Travelers From Beyond

Many have been the rumors of travelers who have crossed the void of the night sky or come by hidden paths from worlds not of Krynn.

– Dragonlance Adventures, page 12

Back when Dragonlance Adventures was written, the designers thought it likely that Dungeon Masters might take their players from an existing campaign into the original Dragonlance modules. As such, they would be bringing existing characters into the setting. To address this, Dragonlance Adventures had a section called “Travelers From Beyond.”

Over 35 years later, Wizards of the Coast continues the tradition with Shadow of the Dragon Queen. In this case, the intent is to allow players to play any race in a Dragonlance campaign. Here is the sidebar in question.

PEOPLE FROM BEYOND

Peoples who aren’t native to the world still might find their way to Krynn. It’s possible to find individual members—or even small enclaves—of folk like dragonborn, halflings, tieflings, or any other race in Ansalon. Perhaps such individuals stepped through a portal and found themselves on Krynn, or traded with one of Krynn’s great empires before the Cataclysm. Use such possibilities to play characters of any race you please in your adventures across Krynn.

– Shadow of the Dragon Queen, p. 24

This solution allows players to not feel constrained while playing in the world of Krynn.

Alternatives to Other Worlds

Art from Dragonlance Companion, by Splinterverse

While portals are a viable option within the D&D multiverse, it’s not the only option to allow in races that are not standard to Krynn. Here are just a few examples.

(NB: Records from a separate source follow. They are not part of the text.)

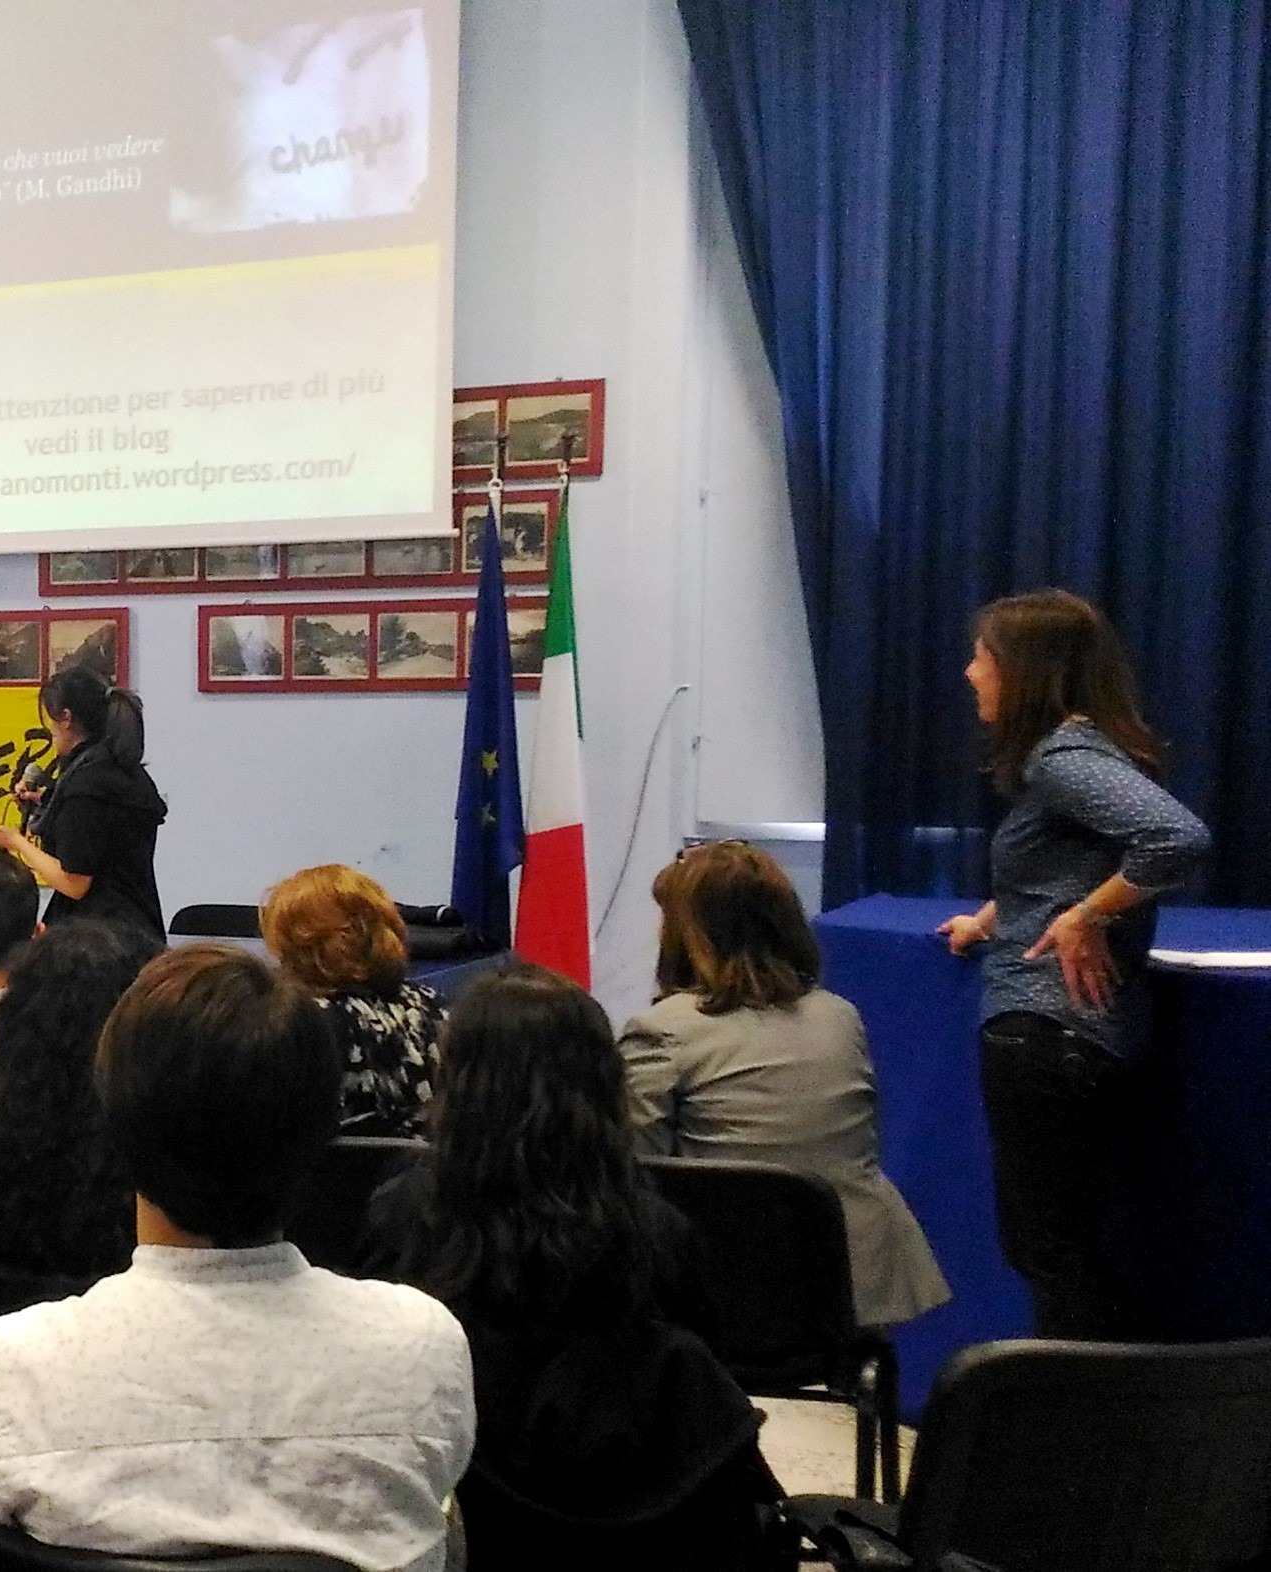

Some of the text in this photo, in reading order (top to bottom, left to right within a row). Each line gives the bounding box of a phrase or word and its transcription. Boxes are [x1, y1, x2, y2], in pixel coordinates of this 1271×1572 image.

[3, 148, 38, 171] che
[44, 140, 90, 167] vuoi
[94, 134, 164, 160] vedere
[16, 178, 51, 204] (M.
[56, 166, 142, 196] Gandhi)
[128, 389, 174, 417] per
[182, 380, 294, 412] saperne
[302, 372, 329, 398] di
[339, 368, 386, 403] più
[25, 425, 170, 456] vedi il blog
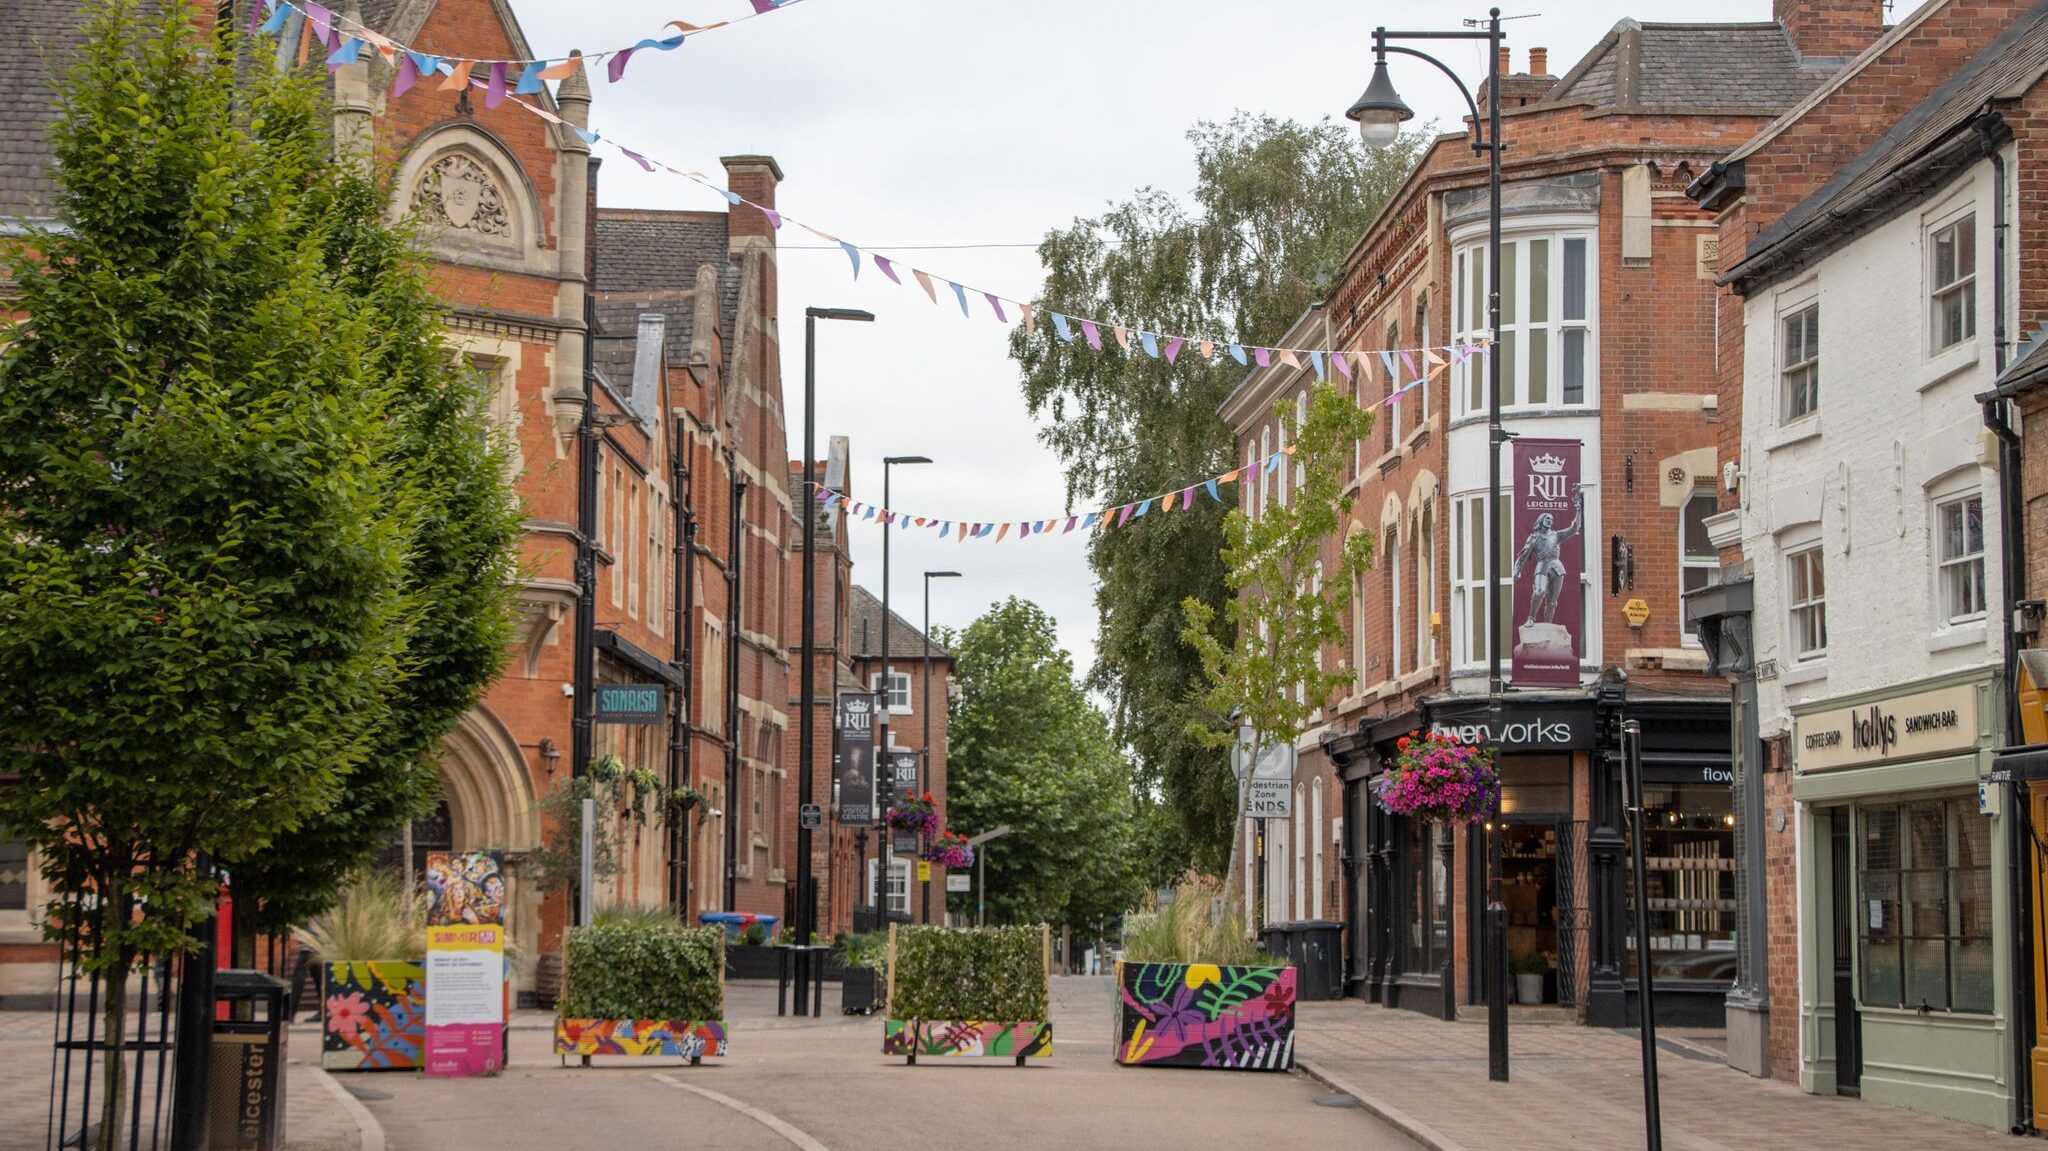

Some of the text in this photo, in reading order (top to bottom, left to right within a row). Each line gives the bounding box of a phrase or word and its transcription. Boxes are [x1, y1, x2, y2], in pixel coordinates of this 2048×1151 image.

[1526, 501, 1569, 509] LEICESTER
[601, 690, 657, 712] SONRISA
[1852, 706, 1896, 755] hollys
[1905, 710, 1956, 733] SANDWICH BAR
[1806, 730, 1841, 749] COFFEE SHOP
[1242, 781, 1289, 789] edestrian
[1255, 790, 1276, 798] Zone
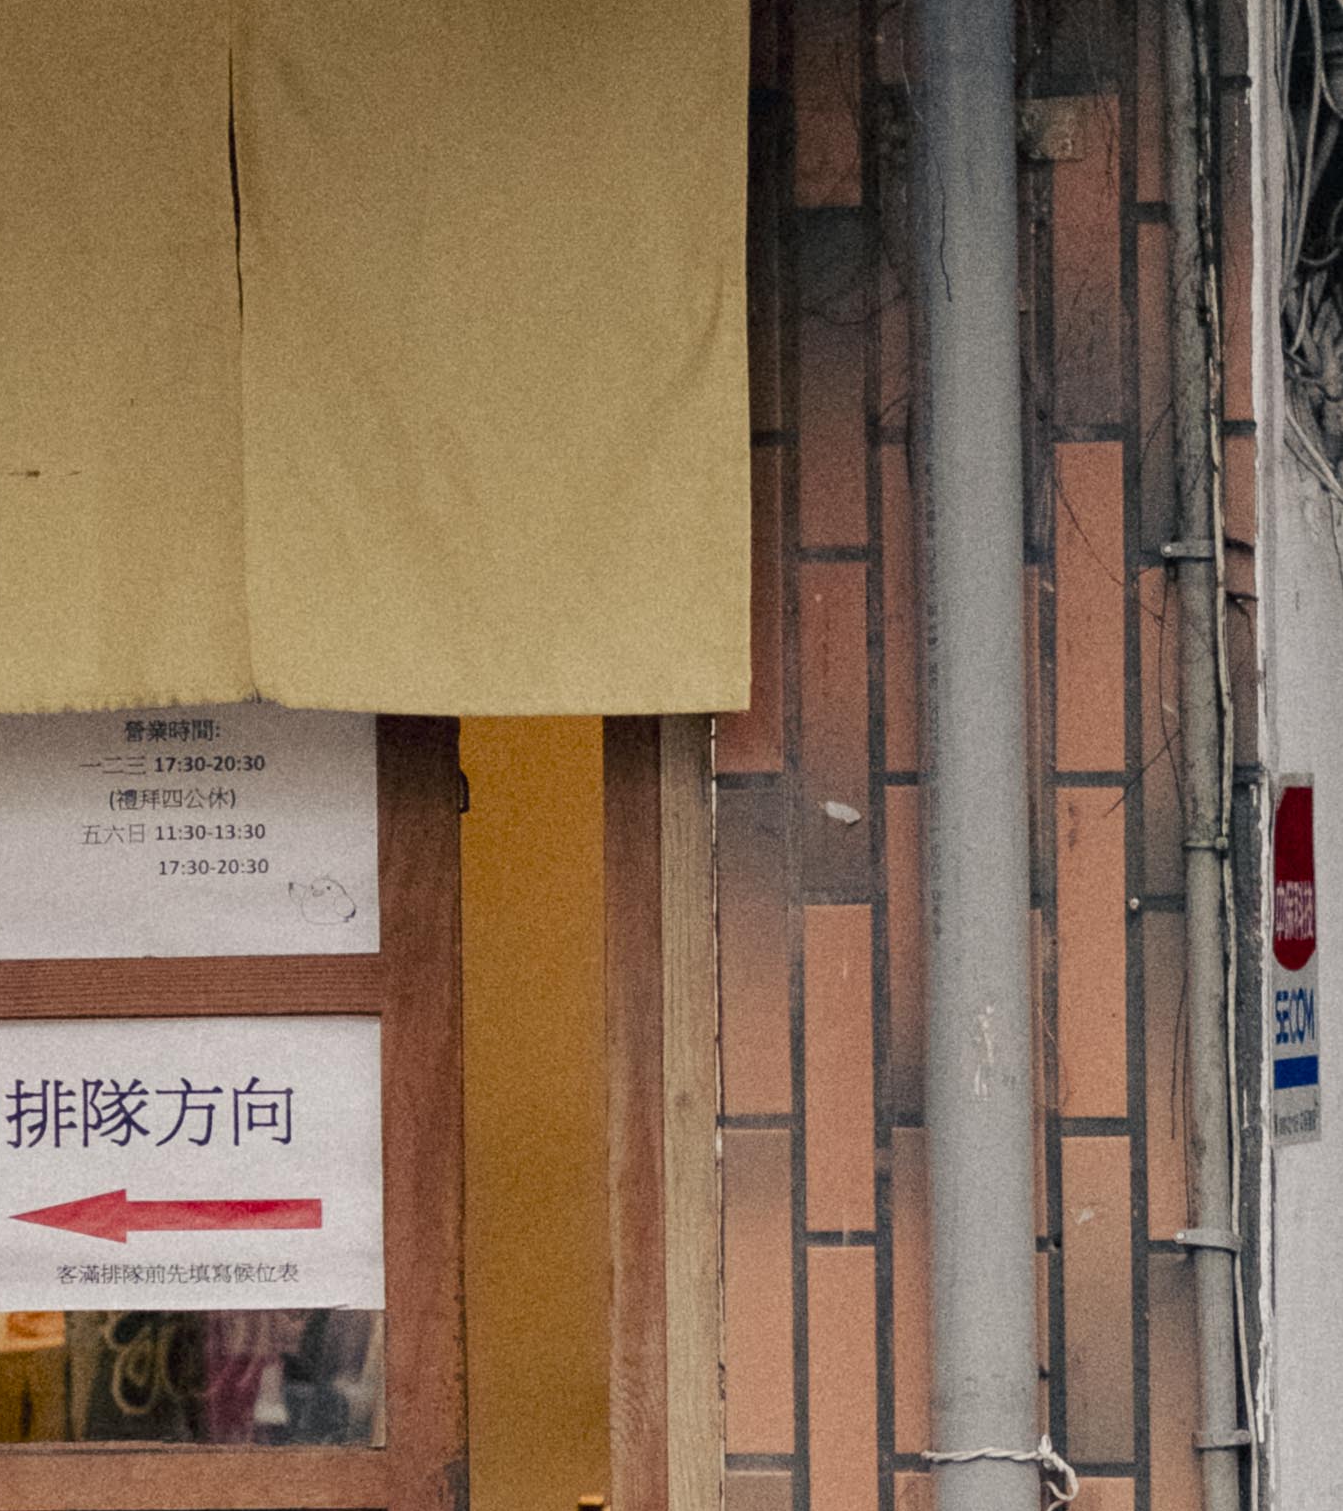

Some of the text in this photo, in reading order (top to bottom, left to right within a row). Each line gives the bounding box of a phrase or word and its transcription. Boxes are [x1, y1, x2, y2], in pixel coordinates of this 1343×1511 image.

[124, 719, 221, 742] 營業時間:
[79, 755, 265, 775] 一二三 17:30-20:30
[109, 787, 237, 811] (禮拜四公休)
[81, 823, 266, 846] 五六日 11:30-13:30
[159, 858, 270, 876] 17:30-20:30
[5, 1076, 294, 1149] 排隊方向
[56, 1263, 300, 1285] 客滿排隊前先填寫候位表

  • The character is from another continent beyond Ansalon. Your tabaxi might be from the jungles of Taladas, or your tortle comes from a remote island.
  • You could re-imagine a race as a Dragonlance race. Maybe your half-orc becomes a half-ogre or even a Tarmak. Or your dragonborn could be a form of draconian or dragonspawn.
  • You were transformed. Perhaps your kender warlock, out of curiosity, makes a pact with Jiathuli (example Fiend), transforming you into a tiefling. Looking at you, Bristlehex Sojourner.
  • You or your ancestors were a creation of the Graygem. As a physical manifestation of Chaos, the Graygem was responsible for the creation of many of the races of Krynn. By the book, shifters wouldn’t be allowed in Krynn as they are descended from lycanthropes, which don’t exist on Krynn. The Graygem provides an alternative, changing your ancestors and giving you animal-like abilities.

A Few Words of Caution

Adding a non-standard races to Krynn can be fun, but there are a few things that might cause a few red flags. It is recommended that the player consult with the dungeon master first and let the other players know what you’re playing.

Here are a few pitfalls to avoid.

  • Avoid commenting about a character’s “strange appearance.” Focusing on some physical feature, such as skin color, would not go over well. You don’t have to ignore the character’s appearance, but be sure to approach it in a way that is mature and welcoming. When in doubt, consult your dungeon master and fellow players.
  • For many players, D&D is an escape from the problems of the real world. Having a certain amount of realism in D&D games can add depth, but things like fantasy racism don’t have to be one of them. If you are a DM and utilize this theme in a game, consult your players first to see if this is a red flag for anybody. Those themes should be reserved for villains, not players.
  • Don’t be a gatekeeper. Nobody likes that player that says, “You’re playing a firbolg? Firbolgs don’t exist in Krynn!” Note that the gatekeeper may be wrong. Maybe the race was there all along and was unknown to the rest of the world.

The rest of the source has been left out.